Er gehört zu den eher unbekannten Figuren der deutschen Geschichte. Und selbst die Bezeichnung als „Ludwig der Bayer“ – anstelle von Ludwig IV. – hat etwas Deklassierendes. Tatsächlich war sie von päpstlicher Seite festgelegt worden, nach Bann und Exkommunikation, um die Nichtswürdigkeit des einzigen Wittelbachers auf dem römisch-deutschen Thron deutlich zu machen. Daß dahinter keine sachliche Berechtigung stand, sondern Ludwig zu den bedeutenden Herrscherpersönlichkeiten des Mittelalters gehörte, wird in der diesjährigen Bayerischen Landesausstellung „Ludwig der Bayer – Wir sind Kaiser“ deutlich hervorgehoben.
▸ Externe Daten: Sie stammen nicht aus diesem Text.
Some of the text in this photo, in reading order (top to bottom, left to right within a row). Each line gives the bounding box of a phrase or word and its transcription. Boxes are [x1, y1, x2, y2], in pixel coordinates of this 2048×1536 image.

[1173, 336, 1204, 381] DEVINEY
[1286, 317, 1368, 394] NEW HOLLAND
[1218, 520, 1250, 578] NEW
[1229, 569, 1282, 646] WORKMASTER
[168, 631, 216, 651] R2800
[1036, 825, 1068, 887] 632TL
Regensburg bot sich als Ausstellungsort an, da es eine der bedeutendsten Städte in Ludwigs Erblanden war und in den zahlreichen Konflikten, die der bayerische Herzog, römisch-deutsche König und Kaiser austragen mußte, eine wichtige Rolle spielte. Der erste dieser Konflikte hatte seine Wurzel schon in Herkunft und Jugend Ludwigs, der sich nach dem Tod des Vaters mit seinem älteren Bruder Rudolf überwarf. Die Hauptausstellung in der Regensburger Minoritenkirche illustriert das mit einem kurzen Rekurs auf die Grundsätze ritterlicher Erziehung, die nach wie vor galten, und kontrastiert sie mit der Heftigkeit des Kampfes der beiden Herzöge. Zuletzt kam es allerdings zu einem Kompromiß – und zur Einführung einer gemeinsamen Herrschaft.
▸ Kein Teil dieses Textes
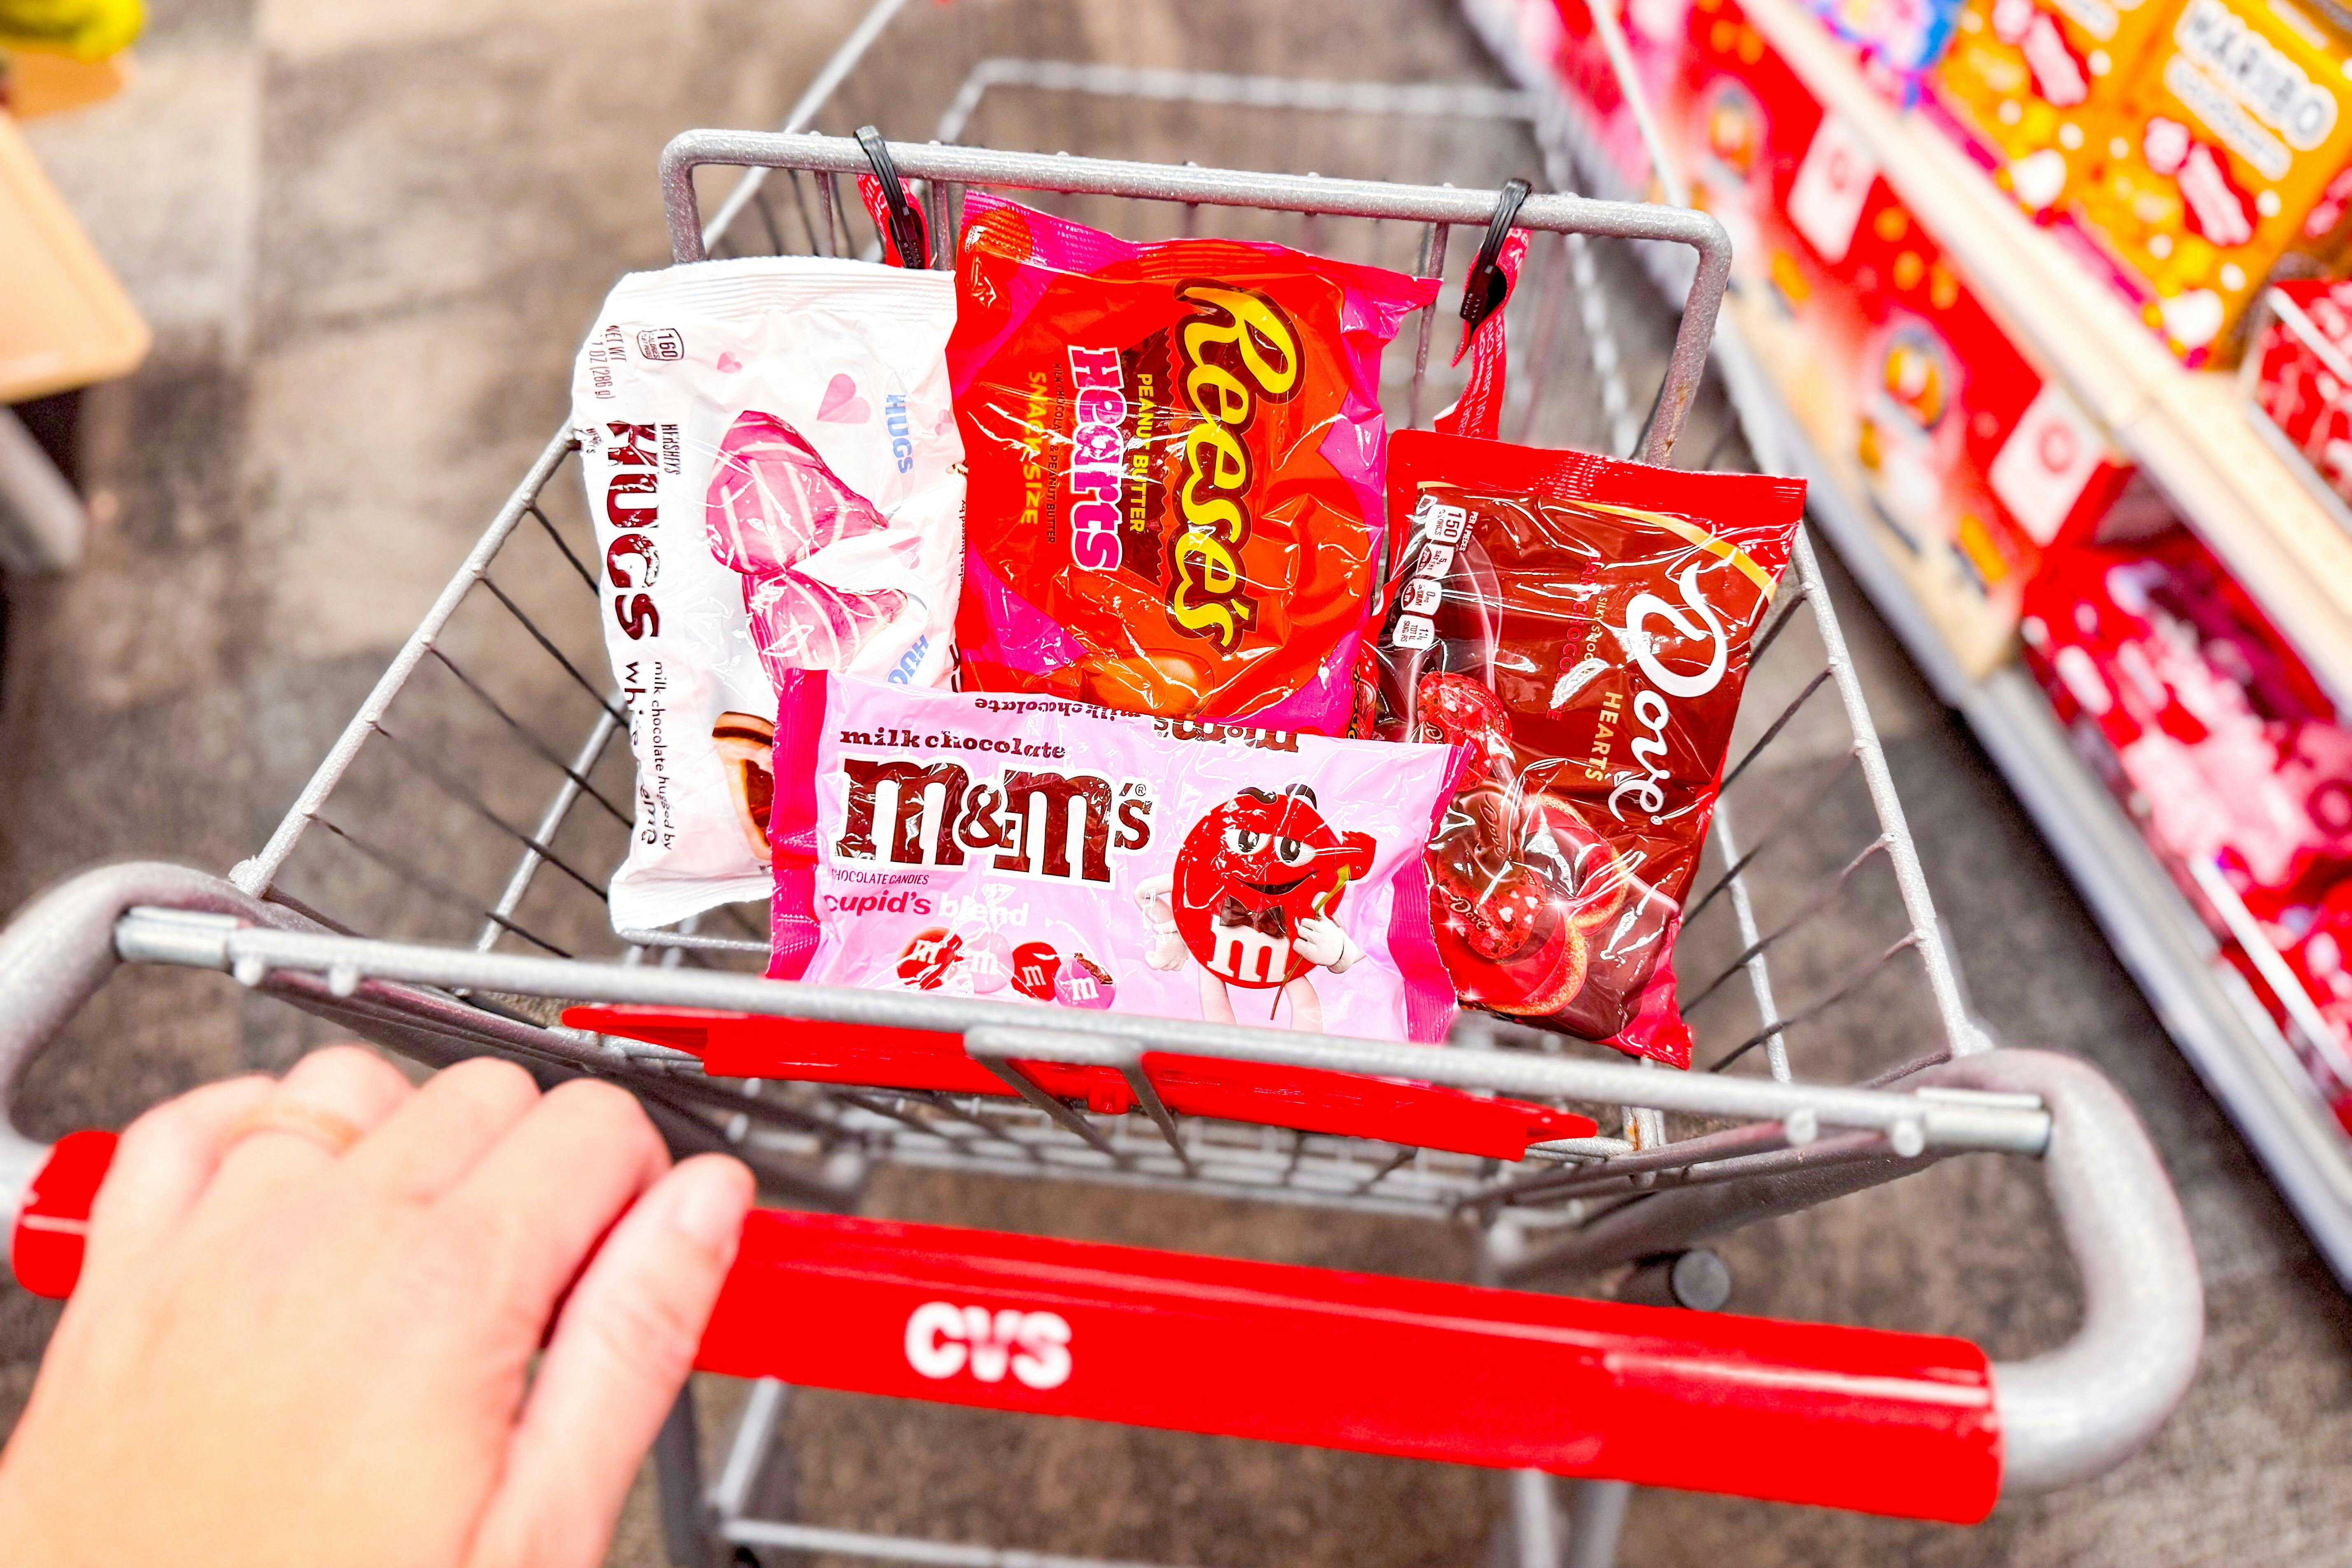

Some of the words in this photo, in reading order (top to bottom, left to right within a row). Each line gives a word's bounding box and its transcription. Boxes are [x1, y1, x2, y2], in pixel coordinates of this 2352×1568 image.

[657, 334, 679, 358] 160
[1131, 373, 1154, 449] PEANUT
[884, 393, 913, 474] HUGS
[1174, 285, 1297, 649] Reese's
[1020, 463, 1043, 525] SIZE
[1128, 453, 1149, 534] BUTTER
[1045, 504, 1057, 544] BUTTER
[1443, 510, 1463, 538] 150
[1468, 511, 1479, 525] PER
[1458, 530, 1472, 552] PIECES
[1580, 551, 1603, 595] DAR
[1594, 597, 1608, 621] SILKY
[653, 661, 667, 695] milk
[887, 635, 929, 684] HUG
[1608, 560, 1729, 823] Dove
[651, 700, 667, 772] chocolate
[840, 728, 921, 749] milk
[925, 730, 1066, 759] chocolate
[1584, 691, 1623, 782] HEARTS
[664, 833, 676, 851] by
[831, 868, 889, 885] CHOCOLATE
[889, 874, 929, 885] CANDIES
[824, 889, 931, 917] cupid's
[938, 892, 1029, 927] blend
[1449, 898, 1486, 931] Dove
[1207, 915, 1292, 983] m
[1021, 964, 1048, 987] m
[1070, 976, 1099, 1001] m
[904, 1301, 1073, 1390] CVS
Faktisch hatte Ludwig durch diese Lösung seine Position gestärkt und nutzte sie, nachdem er 1314 zum König gewählt wurde. Aber auch in diesem Fall mußte er mit starken Widerständen rechnen. Denn eine andere Fraktion unter den Fürsten des Reiches erhob Friedrich von Habsburg. Erneut kam es zum Krieg und noch einmal war Ludwig klug genug, einen Mittelweg einzuschlagen. Jedenfalls bot er auch Friedrich an, mit ihm zusammen die Regentschaft auszuüben; ein Konzept, dessen Funktionstüchtigkeit zu Ludwigs Vorteil kaum auf die Probe gestellt werden mußte, weil Friedrich kurz darauf starb.
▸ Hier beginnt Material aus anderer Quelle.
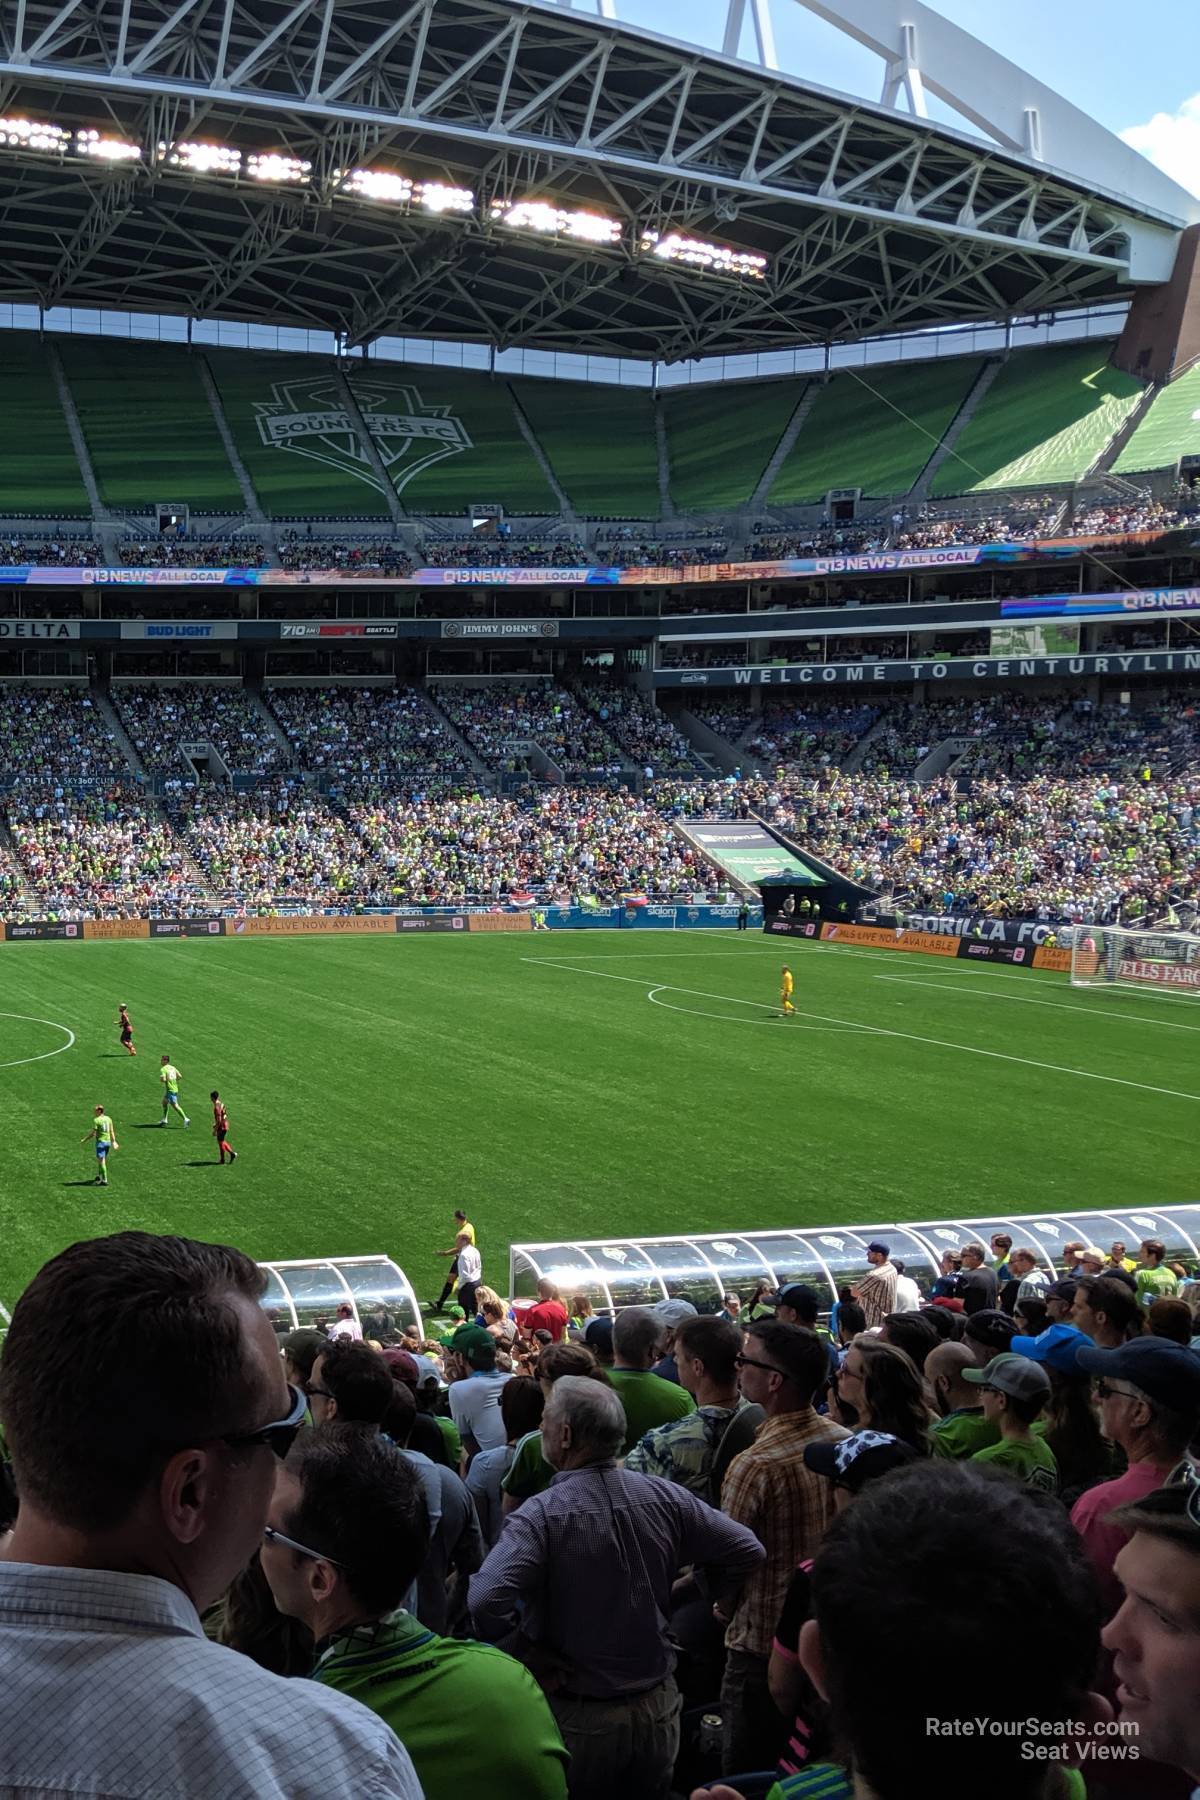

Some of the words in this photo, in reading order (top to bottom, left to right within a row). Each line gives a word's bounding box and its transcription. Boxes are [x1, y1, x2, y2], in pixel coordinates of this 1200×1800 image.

[308, 414, 407, 422] SEATLE
[423, 425, 455, 439] FC
[902, 554, 926, 565] ALL
[929, 552, 972, 564] LOCAL
[160, 571, 179, 581] ALL
[182, 571, 220, 581] LOCAL
[521, 572, 543, 581] ALL
[545, 572, 582, 581] LOCAL
[147, 626, 174, 636] BUD
[175, 626, 212, 636] LIGHT
[282, 625, 306, 636] 710
[462, 625, 498, 634] JIMMY
[500, 624, 538, 634] JOHN'S
[734, 666, 886, 683] WELCOME
[910, 665, 948, 679] TO
[647, 906, 677, 915] slalom
[710, 906, 740, 915] slalom
[123, 921, 142, 929] YOUR
[250, 922, 271, 930] MLS
[275, 921, 298, 929] LIVE
[302, 920, 328, 929] NOW
[332, 918, 389, 928] AVAILABLE
[908, 914, 1006, 942] GORILLA
[1017, 922, 1051, 946] FC
[840, 930, 856, 940] MLS
[857, 931, 876, 941] LIVE
[878, 933, 899, 944] NOW
[903, 936, 954, 951] AVAILABLE
Wenn die Stellung Ludwigs auch danach nicht unbestritten war, lag das weniger an den Problemen, die weiterhin mit den Habsburgern und jenen Fürsten bestanden, die den Ausbau der Stellung des Hauses Wittelsbach mit Sorge betrachteten, sondern vor allem daran, daß Ludwig als Kaiser – den Titel führte er seit 1328 – die päpstliche Approbation fehlte.

Das war jedenfalls die Auffassung des Papsttums in Avignon, das in dieser Zeit auf dem Höhepunkt seines Einflusses stand und Ludwig zwang, einen Kampf gegen die Kirche wiederaufzunehmen, der im Grunde seit Jahrhunderten andauerte. Der mischte sich nun aber mit neuartigen Konflikten, die ihren Ursprung im Aufstieg des nationalen Prinzips hatten, das sich dem älteren imperialen entgegenstellte. Das Papsttum in Avignon war eben nicht nur Folge endloser innerkirchlicher Streitigkeiten, sondern auch der Versuch der französischen Krone, die Kirche unter die eigene Kontrolle zu bringen und zum Zweck der Machterweiterung eines Nationalkönigtums gegen den Kaiser zu nutzen.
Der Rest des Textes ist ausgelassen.